Democratic Republic of the Congo (DRC): Measles outbreaks - Emergency Plan of Action (EPoA) DREF n° MDRCD028 / PCD053

Description of the disaster

In addition to the Ebola Virus Disease (EVD) outbreak that has been raging in the Democratic Republic of Congo since 2018, the country is facing two other major outbreaks, including measles and cholera as evidenced by the Outbreak Observatory in an article published in July 2019 on the DRC.
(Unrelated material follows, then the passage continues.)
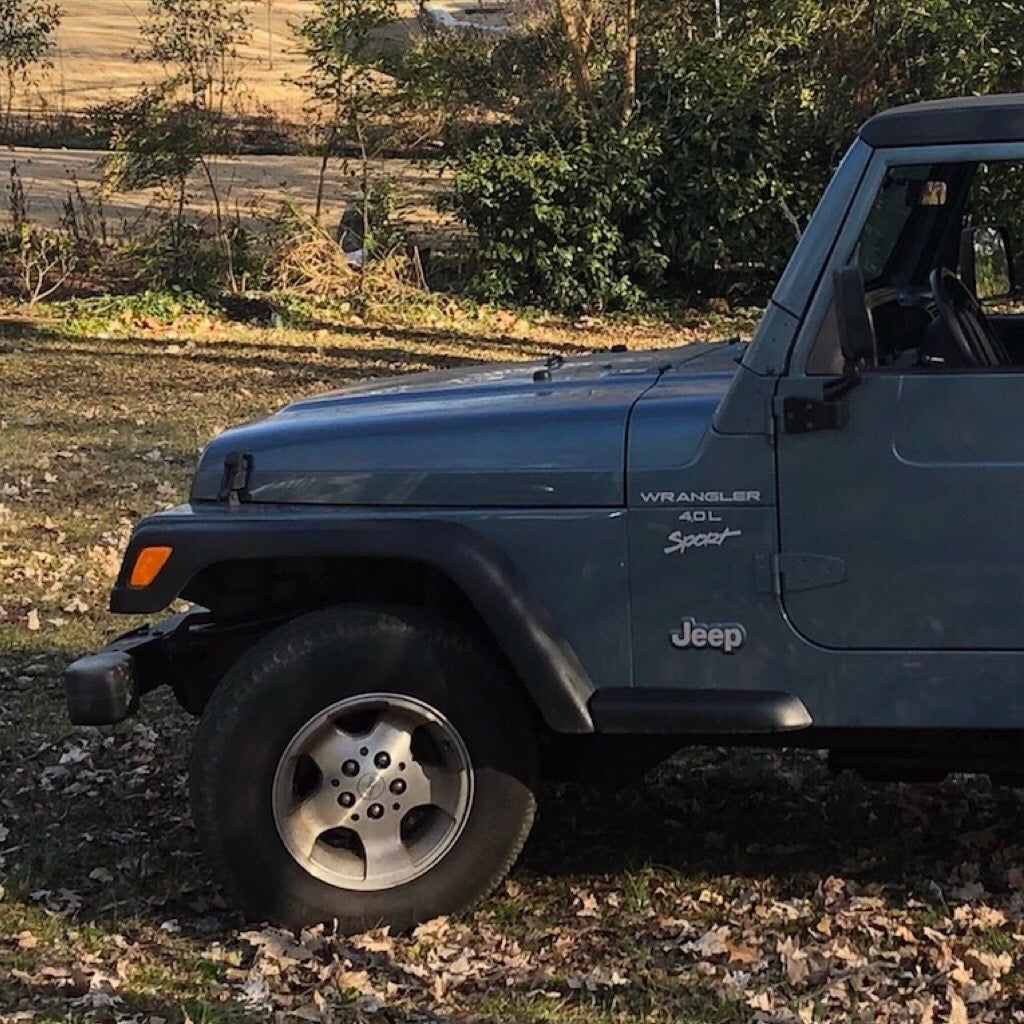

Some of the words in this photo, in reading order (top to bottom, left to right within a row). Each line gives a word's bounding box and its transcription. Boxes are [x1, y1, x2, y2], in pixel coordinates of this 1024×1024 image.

[640, 491, 761, 502] WRANGLER
[664, 528, 741, 554] Sport
[672, 621, 742, 651] Jeep
The details provided hereafter only refer to measles as other strategies will be used to respond to cholera. The DRC's Ministry of Health declared a measles outbreak in the country on 10 June 2019, presenting it as the deadliest outbreak in the country since the 2010-2011 outbreak which caused at least 210 deaths according to Médecins Sans Frontières. A such, this response is being proposed due to insufficient capacities on the ground, as government and other partners are now overwhelmed with the extension of the epidemic to all provinces of the country, to support immunization campaigns which have been moved forward to November and December 2019 due to the emergency situation. Indeed, between January and August 2019, measles infected more than 145,000 people and killed 2,758 people; more deaths in seven months than the EVD in one year as reported by the Ministry of Health. According to the World Health Organization (WHO) in a presentation made in Kinshasa in late September 2019, the 2019 outbreak affects all 26 provinces of the DRC, exactly 192 of the 519 health zones in the country. In week 36 of the current year alone, 5,387 suspected cases of measles were reported, with 134 deaths (2.5% lethality), while from week 1 to week 36, the affected health zones recorded 183,837 suspected cases and 3,667 deaths, with a lethality of 2.0%. The provinces that reported most cases are Tshopo and Kasaï.
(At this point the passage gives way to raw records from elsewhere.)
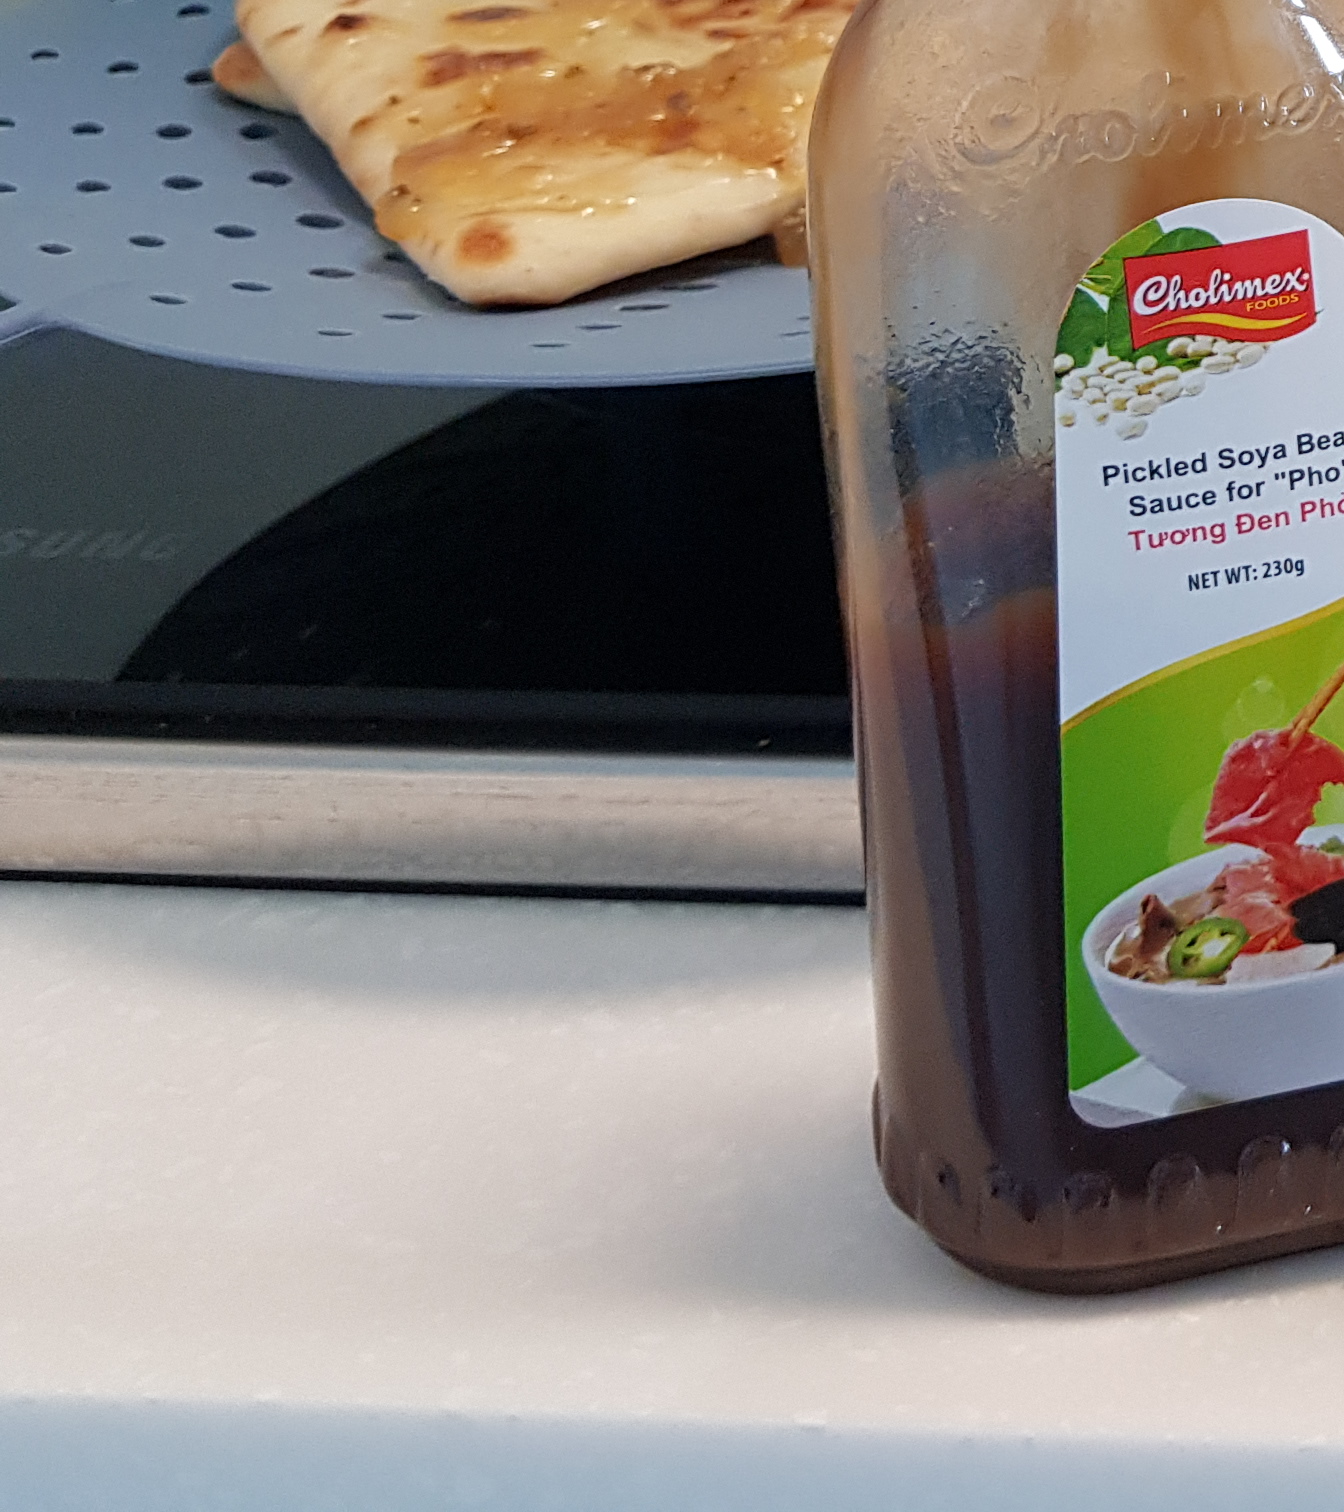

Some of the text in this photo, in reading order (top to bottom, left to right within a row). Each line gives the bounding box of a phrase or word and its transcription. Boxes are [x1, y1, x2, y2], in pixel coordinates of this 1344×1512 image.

[1133, 267, 1304, 316] Cholimex
[1245, 292, 1300, 313] FOODS
[1102, 453, 1208, 487] Pickled
[1217, 442, 1288, 473] Soya
[1128, 484, 1217, 518] Sauce
[1225, 480, 1266, 503] for
[1127, 519, 1227, 553] Tương
[1235, 509, 1291, 536] Đen
[1187, 558, 1306, 592] NET WT: 230g
Although all provinces are affected, response campaigns and other interventions have so far targeted only the provinces in red on the map at the left. There is an urgent need to strengthen response activities in the provinces that have already benefited from the interventions, and especially to intervene in the affected provinces that are still waiting for humanitarian action. To note, an intervention would be more relevant now as immunization campaign dates have been moved forward from December to November, because during the first phase, the lack of community health workers had a negative impact on the campaign results, which DRC RC with its experience in social mobilisation aims to improve through the deployment of trained volunteers.